Make an exact copy of the entries, taking out every picture.

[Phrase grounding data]
***
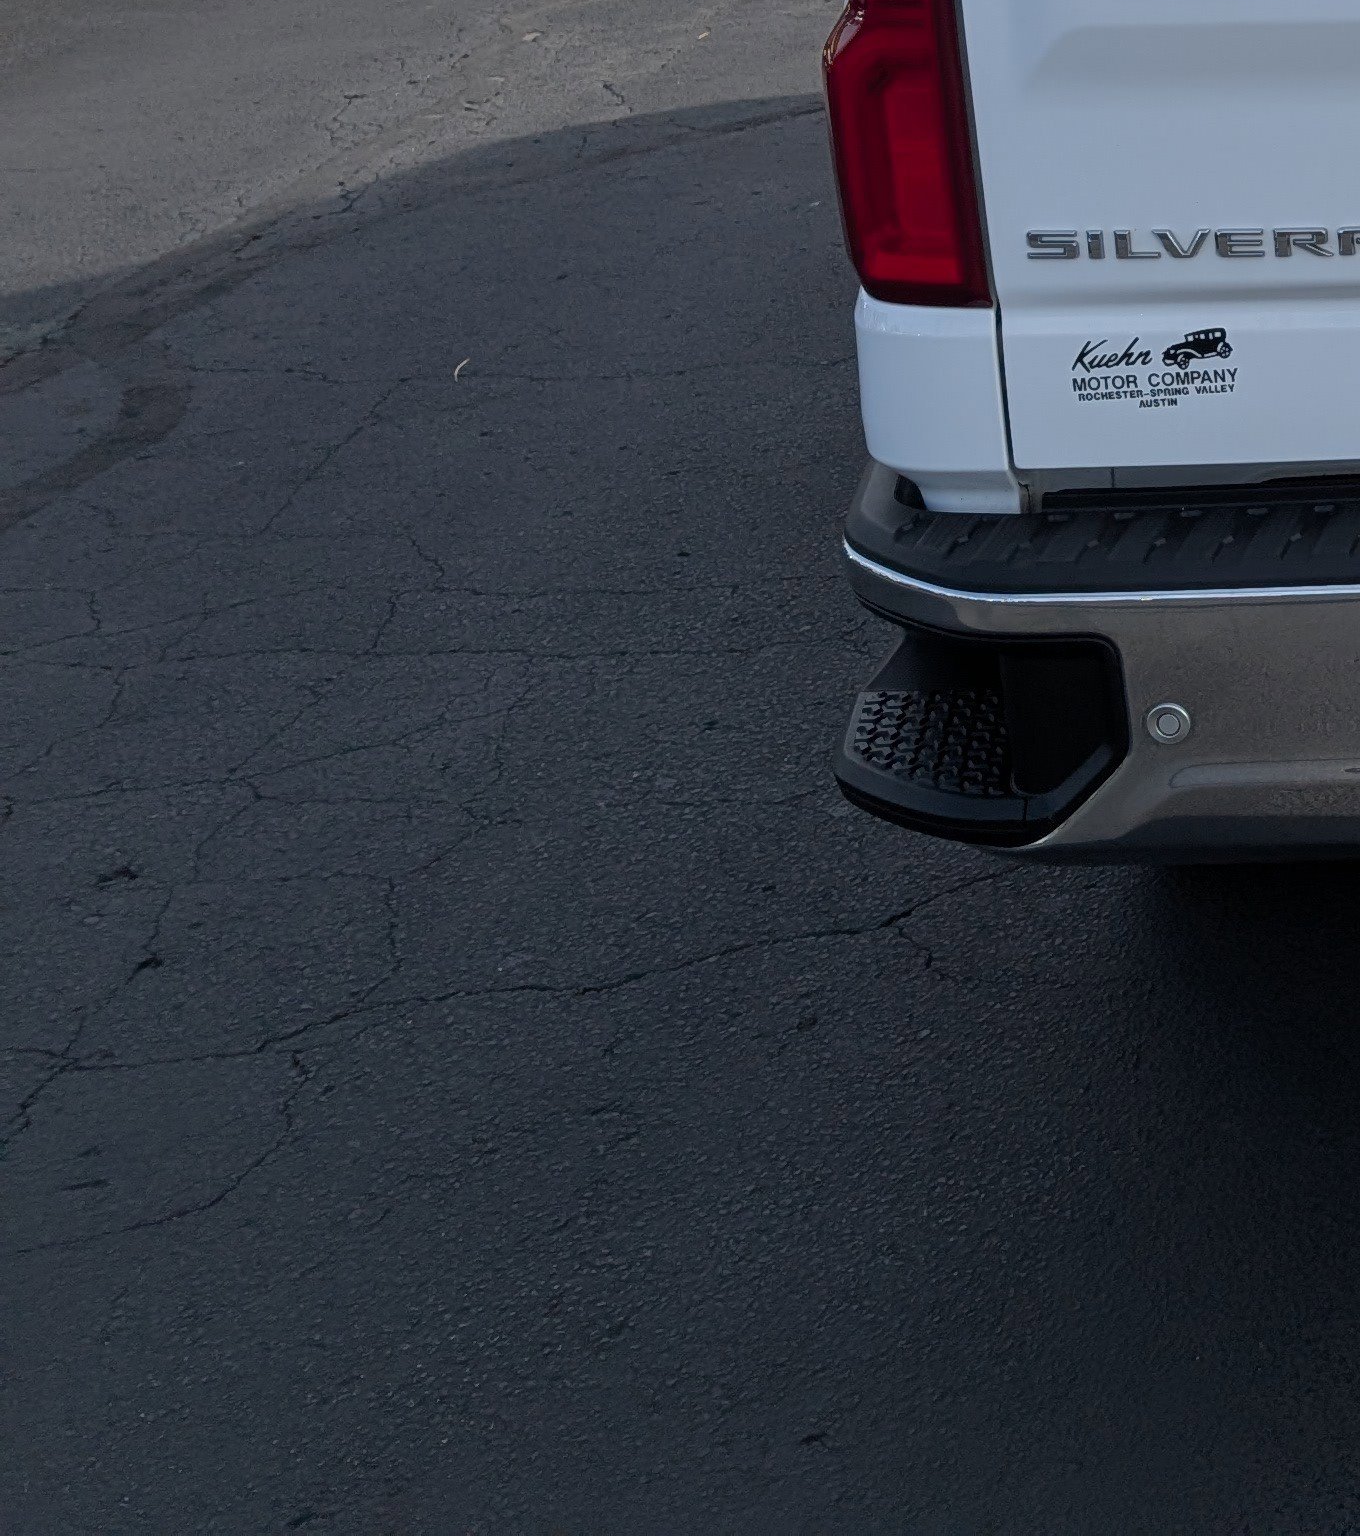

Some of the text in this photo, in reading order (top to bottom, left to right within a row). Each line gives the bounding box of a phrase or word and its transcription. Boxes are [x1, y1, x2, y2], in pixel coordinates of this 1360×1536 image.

[1072, 337, 1153, 373] Kuehn
[1072, 368, 1238, 392] MOTOR COMPANY
[1078, 383, 1235, 402] ROCHESTER-SPRING VALLEY
[1138, 398, 1178, 409] AUSTIN
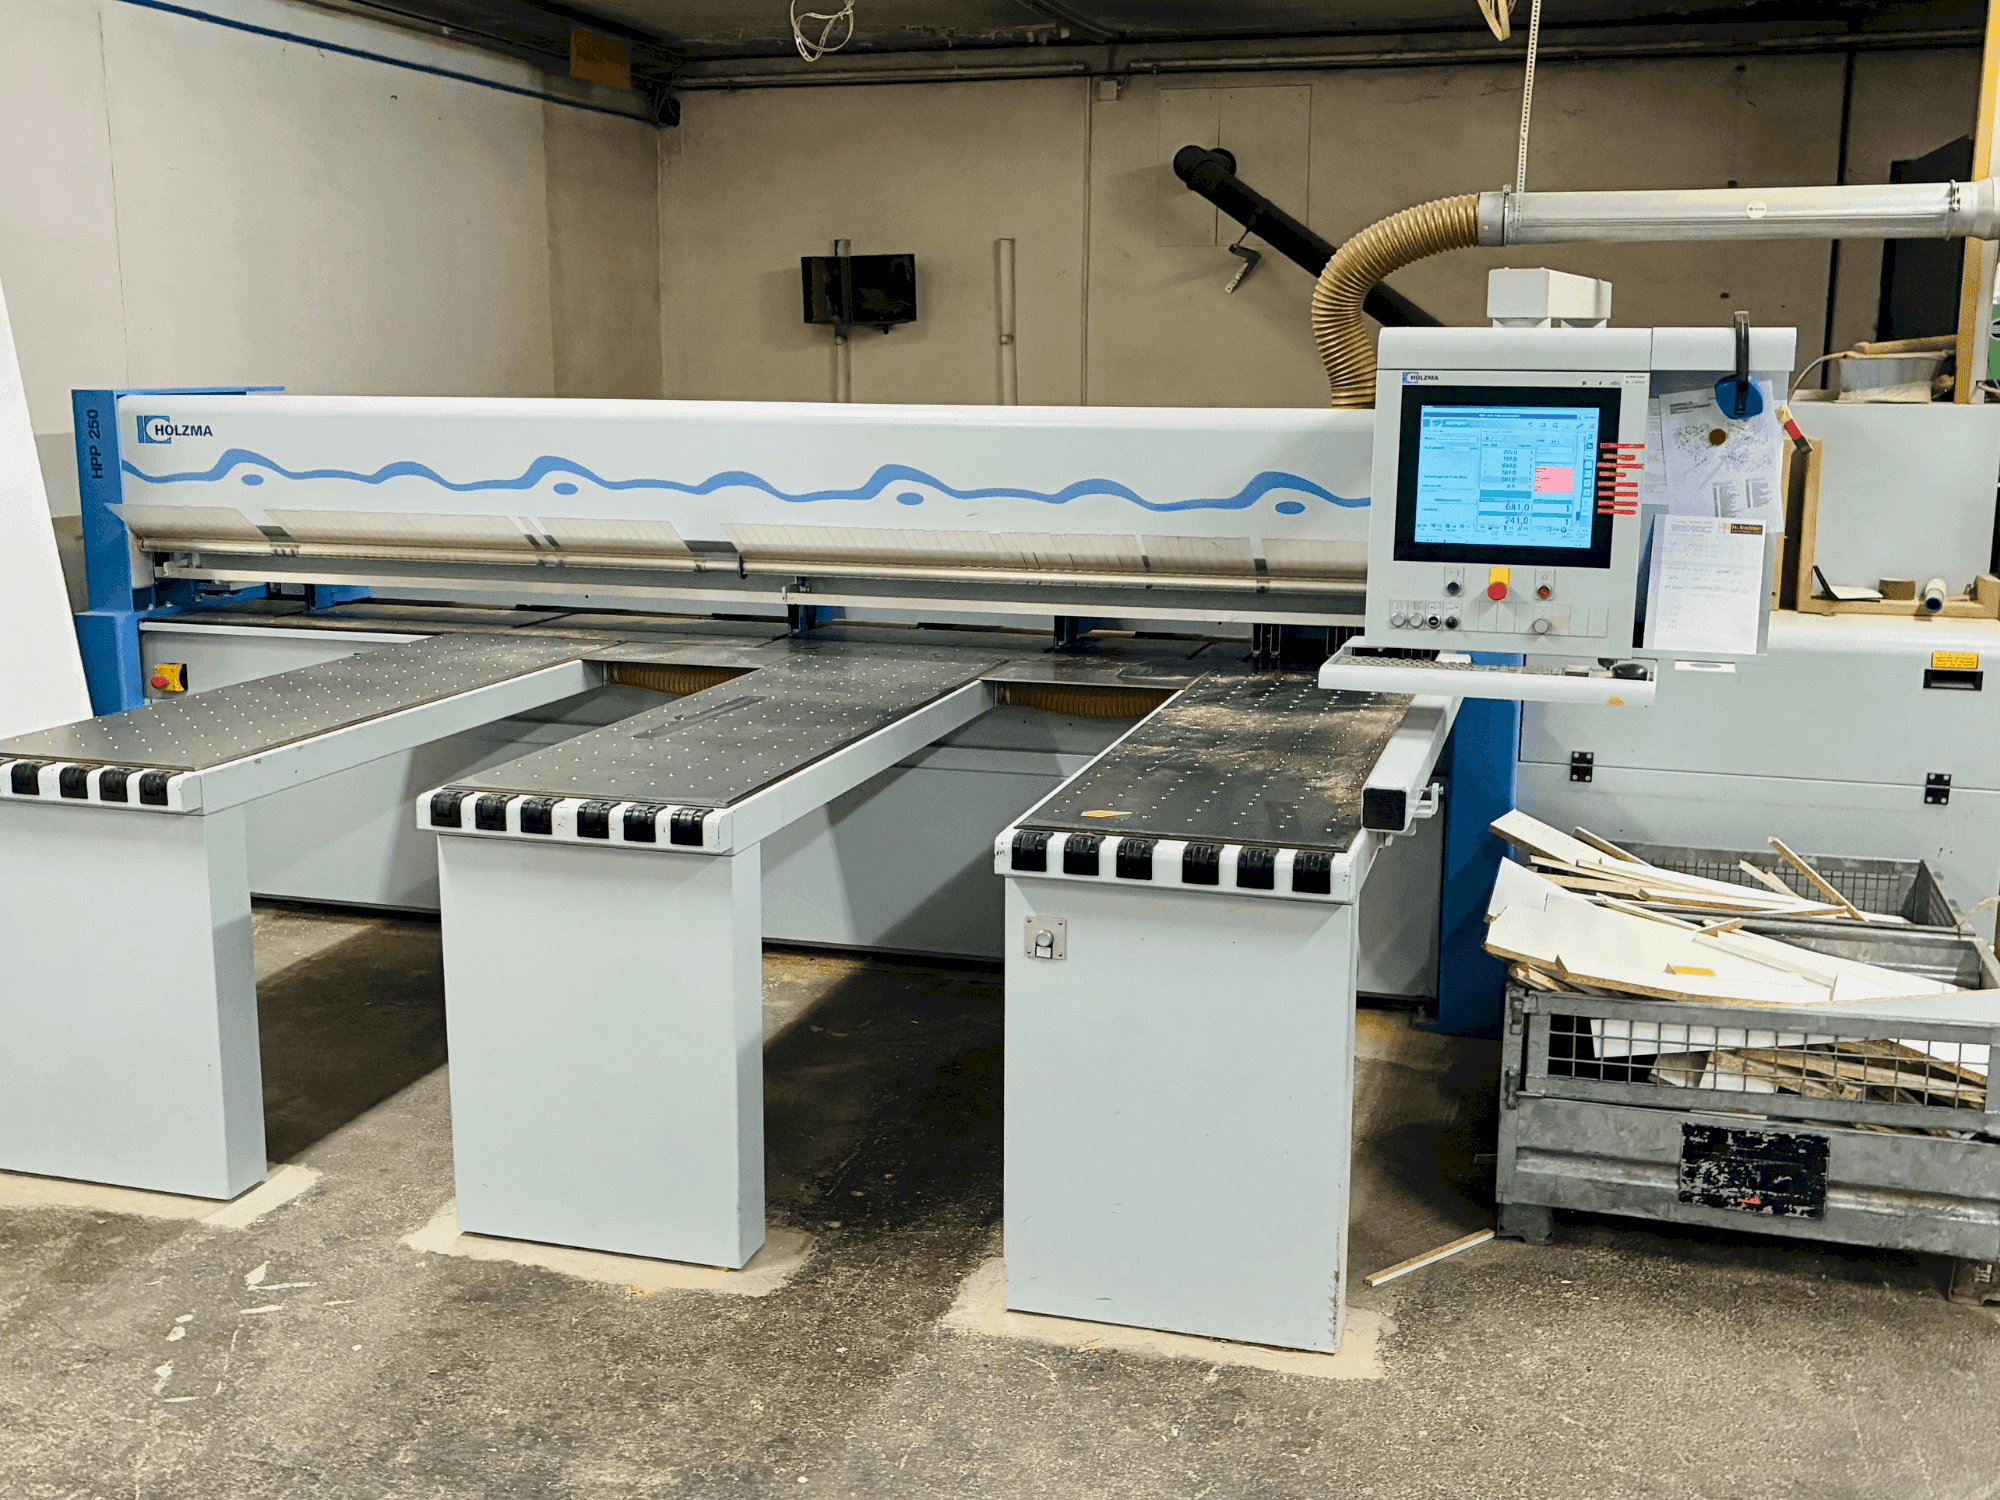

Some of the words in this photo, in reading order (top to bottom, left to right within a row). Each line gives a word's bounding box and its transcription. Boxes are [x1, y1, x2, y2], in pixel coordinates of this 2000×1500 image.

[87, 409, 100, 439] 250
[154, 424, 213, 437] HOLZMA
[90, 445, 103, 479] HPP
[1505, 503, 1530, 512] 681,0
[1504, 516, 1529, 526] 241,0
***
YOUR SOLUTION:
Some of the text in this photo, in reading order (top to bottom, left to right within a row). Each line gives the bounding box of a phrase or word and its transcription. Boxes are [x1, y1, x2, y2], in pixel coordinates of this 1360×1536 image.

[1072, 337, 1153, 373] Kuehn
[1072, 368, 1238, 392] MOTOR COMPANY
[1078, 383, 1235, 402] ROCHESTER-SPRING VALLEY
[1138, 398, 1178, 409] AUSTIN

Some of the words in this photo, in reading order (top to bottom, left to right within a row). Each line gives a word's bounding box and its transcription. Boxes are [x1, y1, x2, y2], in pixel coordinates of this 2000×1500 image.

[87, 409, 100, 439] 250
[154, 424, 213, 437] HOLZMA
[90, 445, 103, 479] HPP
[1505, 503, 1530, 512] 681,0
[1504, 516, 1529, 526] 241,0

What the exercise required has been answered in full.